And Robots that Learn…
Another team in Paris also wants to give robots further autonomy by teaching them how to learn and adapt. Antoine Cully, Jean-Baptiste Mouret and Danesh Tarapore of UPMC (formerly Universite Pierre-et-Marie-Curie), in collaboration with Jeff Clune of the University of Wyoming, are a team of robotic and software engineers who were inspired by animals’ ability to adapt to injury. Their research cites three-legged dogs and humans with sprained ankles who learn to adjust their walk.
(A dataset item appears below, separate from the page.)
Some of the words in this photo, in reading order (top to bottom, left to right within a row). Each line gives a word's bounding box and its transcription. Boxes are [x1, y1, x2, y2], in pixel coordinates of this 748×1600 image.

“When injured, animals do not start learning from scratch,” said senior author Jean-Baptiste Mouret. “Instead, they have intuitions about different ways to behave. These intuitions allow them to intelligently select a few, different behaviors to try out and, after these tests, they choose one that works in spite of the injury. We made robots that can do the same.”
Much like the team in Brussels, Mouret’s team focused on the fragility of robots, in this case their inability to recover from damage via compensating and improvising behaviors. Their solution was to introduce a trial-and-error algorithm into the software of two robots that gifts them with the ability to adapt.
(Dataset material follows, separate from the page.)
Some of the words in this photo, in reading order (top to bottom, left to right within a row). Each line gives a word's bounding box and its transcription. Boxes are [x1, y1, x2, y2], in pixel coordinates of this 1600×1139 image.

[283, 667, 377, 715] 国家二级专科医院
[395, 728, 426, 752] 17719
The algorithm works in two steps. First, it builds a map of all possible behaviors, movements and performances in a designated space and sets this information aside as “prior knowledge.” In the event of an injury, the algorithm uses the prior knowledge to enable the robots to adapt and compensate. The team demonstrated the effectiveness of the algorithm by breaking two legs of a six-legged robot, and several motors on a robotic arm. Both were still able to complete their assigned tasks in a matter of minutes. Additional experiments of various types of broken, damaged and missing components showed successful adaptation.
“Each behavior it tries is like an experiment and, if one behavior doesn’t work, the robot is smart enough to rule out that entire type of behavior and try a new type,” said lead author Antoine Cully. “For example, if walking, mostly on its hind legs, does not work well, it will next try walking mostly on its front legs. What’s surprising is how quickly it can learn a new way to walk. It’s amazing to watch a robot go from crippled and flailing around to efficiently limping away in about two minutes.”
…Give Rise to the Autonomous Machine
Tarapore believes that continued study of injury adaptation and further development of the trial-and-error algorithm will reduce the continuous attention robots need for repair, making them more productive and effective, and less of an annoyance. The endgame, of course, is the rise of more autonomous robots.
Professor Bram Vanderborght, one of the researchers on the Brussels team, is also excited by the prospect of an industry of independent machines.
“The outcome of the research opens up promising perspectives. Robots can not only be made lighter and safer, they will also be able to work longer independently without requiring constant repairs.”